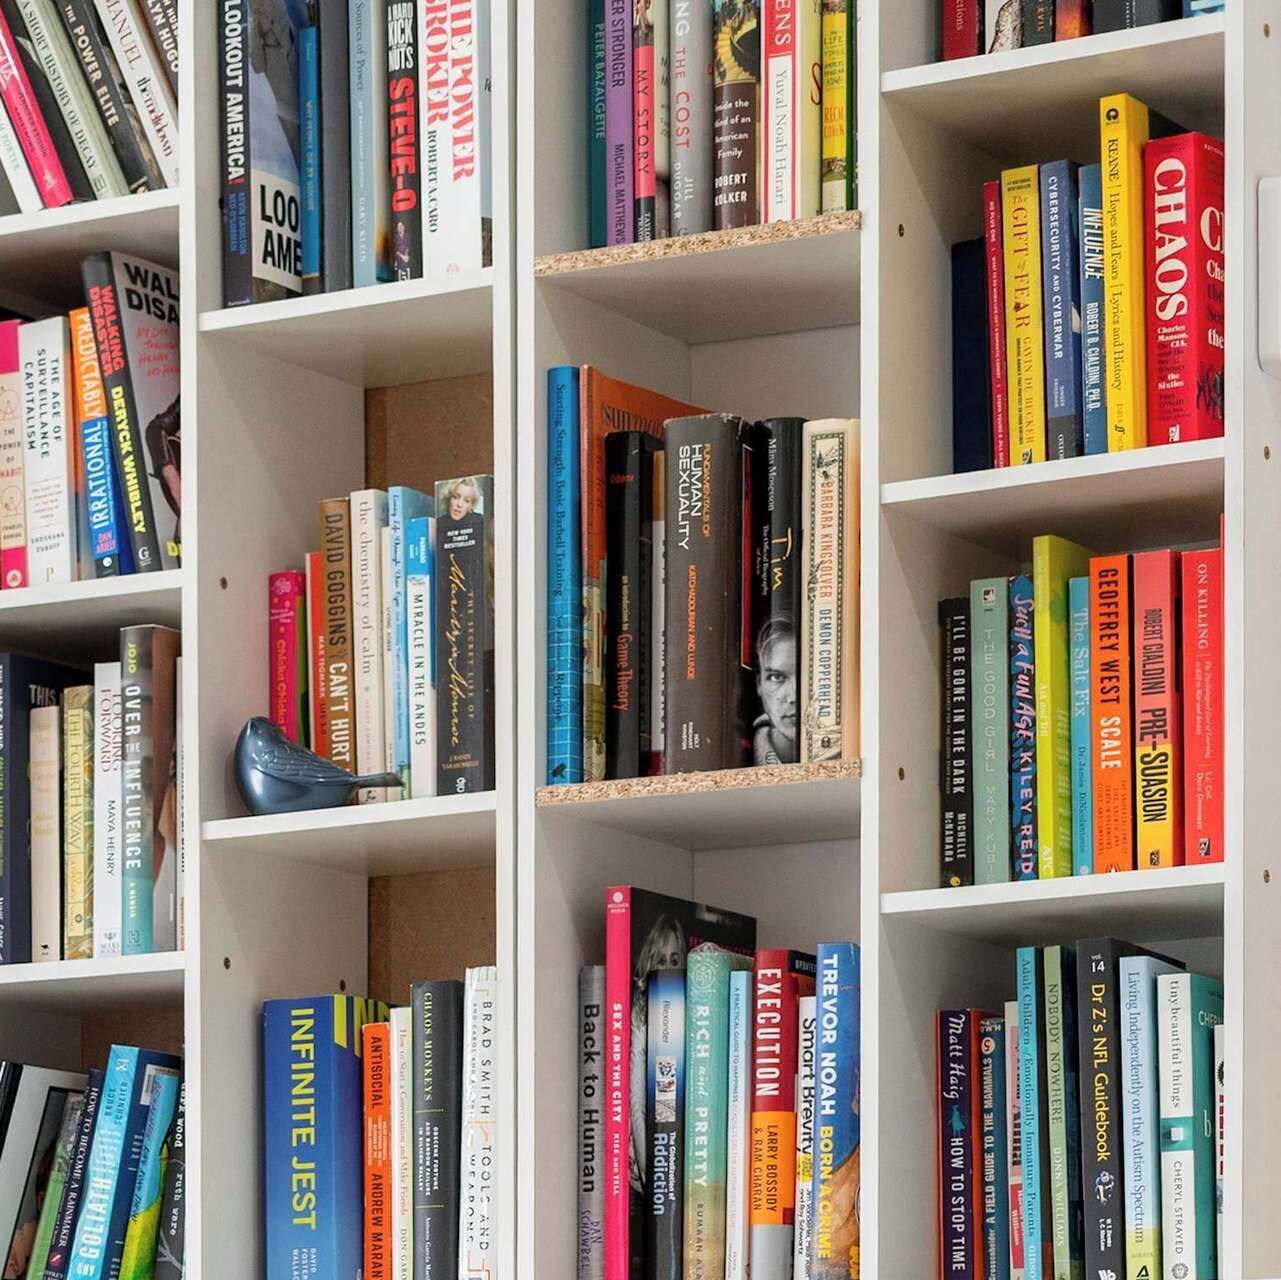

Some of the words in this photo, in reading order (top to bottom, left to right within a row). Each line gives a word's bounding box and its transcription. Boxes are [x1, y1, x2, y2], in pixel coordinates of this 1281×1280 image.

[22, 1, 32, 9] A
[24, 13, 48, 51] SHORT
[223, 0, 242, 87] LOOKOUT
[44, 55, 72, 108] HISTORY
[63, 4, 76, 23] THE
[72, 25, 102, 83] POWER
[97, 87, 121, 127] ELITE
[636, 69, 649, 96] MY
[674, 47, 687, 79] THE
[773, 69, 788, 109] Yuval
[67, 111, 80, 127] OF
[225, 92, 246, 185] AMERICA!
[451, 58, 475, 183] POWER
[637, 108, 650, 175] STORY
[675, 91, 691, 149] COST
[775, 113, 789, 153] Noah
[74, 130, 97, 169] DECAY
[389, 77, 417, 212] STEVE-O
[1107, 137, 1120, 182] KEANE
[775, 157, 789, 204] Harari
[1047, 176, 1060, 271] CYBERSECURITY
[1153, 156, 1188, 322] CHAOS
[1052, 274, 1060, 292] AND
[88, 287, 114, 377] DISASTER
[102, 285, 126, 371] WALKING
[1051, 295, 1064, 359] CYBERWAR
[50, 358, 61, 385] THE
[75, 312, 107, 420] PREDICTABLY
[24, 361, 36, 450] CAPITALISM
[36, 348, 51, 458] SURVEILLANCE
[51, 392, 62, 419] AGE
[51, 426, 62, 443] OF
[110, 385, 133, 454] DERYCK
[122, 455, 147, 534] WHIBLEY
[690, 444, 702, 517] HUMAN
[358, 501, 372, 524] the
[677, 445, 691, 550] SEXUALITY
[819, 481, 835, 529] BARBARA
[324, 513, 345, 564] DAVID
[352, 532, 374, 608] chemistry
[818, 532, 835, 599] KINGSOLVER
[1197, 563, 1208, 585] ON
[327, 571, 347, 646] GOGGINS
[360, 616, 376, 633] of
[412, 594, 425, 649] MIRACLE
[818, 608, 832, 645] DEMON
[1098, 568, 1120, 652] GEOFFREY
[1197, 588, 1209, 650] KILLING
[127, 642, 137, 674] JOJO
[361, 637, 374, 674] calm
[413, 656, 425, 668] IN
[616, 633, 633, 668] Game
[328, 662, 349, 711] CAN'T
[414, 674, 425, 697] THE
[613, 670, 634, 711] Theory
[817, 649, 832, 718] COPPERHEAD
[1100, 659, 1121, 705] WEST
[124, 685, 141, 744] OVER
[414, 704, 426, 746] ANDES
[330, 719, 350, 761] HURT
[1100, 716, 1122, 770] SCALE
[1139, 707, 1169, 823] PRE-SUASION
[105, 800, 116, 832] MAYA
[125, 760, 142, 869] INFLUENCE
[105, 836, 116, 876] HENRY
[423, 992, 433, 1035] CHAOS
[821, 953, 839, 1044] TREVOR
[1091, 984, 1106, 1003] Dr
[1167, 980, 1182, 1005] tiny
[582, 1004, 601, 1062] Back
[611, 1003, 623, 1030] SEX
[755, 967, 782, 1097] EXECUTION
[1092, 1007, 1107, 1033] Z's
[1170, 1006, 1182, 1065] beautiful
[423, 1039, 433, 1101] MONKEYS
[611, 1035, 623, 1061] AND
[1092, 1037, 1107, 1069] NFL
[290, 1007, 317, 1147] INFINITE
[370, 1036, 384, 1109] ANTISOCIAL
[583, 1073, 599, 1098] to
[611, 1064, 623, 1087] THE
[820, 1052, 838, 1116] NOAH
[1170, 1068, 1183, 1108] things
[86, 1087, 99, 1115] HOW
[611, 1090, 623, 1123] CITY
[1094, 1072, 1111, 1162] Guidebook
[82, 1118, 95, 1133] TO
[71, 1135, 90, 1180] BECOME
[582, 1108, 600, 1194] Human
[818, 1126, 834, 1179] BORN
[951, 1137, 965, 1168] HOW
[71, 1181, 79, 1189] A
[290, 1155, 317, 1230] JEST
[370, 1173, 384, 1227] ANDREW
[817, 1183, 833, 1196] A
[951, 1174, 965, 1192] TO
[57, 1192, 77, 1247] RAINMAKER
[817, 1199, 833, 1259] CRIME
[952, 1196, 965, 1233] STOP
[952, 1236, 966, 1271] TIME

What the exercise asks:
Every line of the records above must reappear exactly, though the pictures must not.

The completed task:
Some of the words in this photo, in reading order (top to bottom, left to right within a row). Each line gives a word's bounding box and its transcription. Boxes are [x1, y1, x2, y2], in pixel coordinates of this 1281×1280 image.

[22, 1, 32, 9] A
[24, 13, 48, 51] SHORT
[223, 0, 242, 87] LOOKOUT
[44, 55, 72, 108] HISTORY
[63, 4, 76, 23] THE
[72, 25, 102, 83] POWER
[97, 87, 121, 127] ELITE
[636, 69, 649, 96] MY
[674, 47, 687, 79] THE
[773, 69, 788, 109] Yuval
[67, 111, 80, 127] OF
[225, 92, 246, 185] AMERICA!
[451, 58, 475, 183] POWER
[637, 108, 650, 175] STORY
[675, 91, 691, 149] COST
[775, 113, 789, 153] Noah
[74, 130, 97, 169] DECAY
[389, 77, 417, 212] STEVE-O
[1107, 137, 1120, 182] KEANE
[775, 157, 789, 204] Harari
[1047, 176, 1060, 271] CYBERSECURITY
[1153, 156, 1188, 322] CHAOS
[1052, 274, 1060, 292] AND
[88, 287, 114, 377] DISASTER
[102, 285, 126, 371] WALKING
[1051, 295, 1064, 359] CYBERWAR
[50, 358, 61, 385] THE
[75, 312, 107, 420] PREDICTABLY
[24, 361, 36, 450] CAPITALISM
[36, 348, 51, 458] SURVEILLANCE
[51, 392, 62, 419] AGE
[51, 426, 62, 443] OF
[110, 385, 133, 454] DERYCK
[122, 455, 147, 534] WHIBLEY
[690, 444, 702, 517] HUMAN
[358, 501, 372, 524] the
[677, 445, 691, 550] SEXUALITY
[819, 481, 835, 529] BARBARA
[324, 513, 345, 564] DAVID
[352, 532, 374, 608] chemistry
[818, 532, 835, 599] KINGSOLVER
[1197, 563, 1208, 585] ON
[327, 571, 347, 646] GOGGINS
[360, 616, 376, 633] of
[412, 594, 425, 649] MIRACLE
[818, 608, 832, 645] DEMON
[1098, 568, 1120, 652] GEOFFREY
[1197, 588, 1209, 650] KILLING
[127, 642, 137, 674] JOJO
[361, 637, 374, 674] calm
[413, 656, 425, 668] IN
[616, 633, 633, 668] Game
[328, 662, 349, 711] CAN'T
[414, 674, 425, 697] THE
[613, 670, 634, 711] Theory
[817, 649, 832, 718] COPPERHEAD
[1100, 659, 1121, 705] WEST
[124, 685, 141, 744] OVER
[414, 704, 426, 746] ANDES
[330, 719, 350, 761] HURT
[1100, 716, 1122, 770] SCALE
[1139, 707, 1169, 823] PRE-SUASION
[105, 800, 116, 832] MAYA
[125, 760, 142, 869] INFLUENCE
[105, 836, 116, 876] HENRY
[423, 992, 433, 1035] CHAOS
[821, 953, 839, 1044] TREVOR
[1091, 984, 1106, 1003] Dr
[1167, 980, 1182, 1005] tiny
[582, 1004, 601, 1062] Back
[611, 1003, 623, 1030] SEX
[755, 967, 782, 1097] EXECUTION
[1092, 1007, 1107, 1033] Z's
[1170, 1006, 1182, 1065] beautiful
[423, 1039, 433, 1101] MONKEYS
[611, 1035, 623, 1061] AND
[1092, 1037, 1107, 1069] NFL
[290, 1007, 317, 1147] INFINITE
[370, 1036, 384, 1109] ANTISOCIAL
[583, 1073, 599, 1098] to
[611, 1064, 623, 1087] THE
[820, 1052, 838, 1116] NOAH
[1170, 1068, 1183, 1108] things
[86, 1087, 99, 1115] HOW
[611, 1090, 623, 1123] CITY
[1094, 1072, 1111, 1162] Guidebook
[82, 1118, 95, 1133] TO
[71, 1135, 90, 1180] BECOME
[582, 1108, 600, 1194] Human
[818, 1126, 834, 1179] BORN
[951, 1137, 965, 1168] HOW
[71, 1181, 79, 1189] A
[290, 1155, 317, 1230] JEST
[370, 1173, 384, 1227] ANDREW
[817, 1183, 833, 1196] A
[951, 1174, 965, 1192] TO
[57, 1192, 77, 1247] RAINMAKER
[817, 1199, 833, 1259] CRIME
[952, 1196, 965, 1233] STOP
[952, 1236, 966, 1271] TIME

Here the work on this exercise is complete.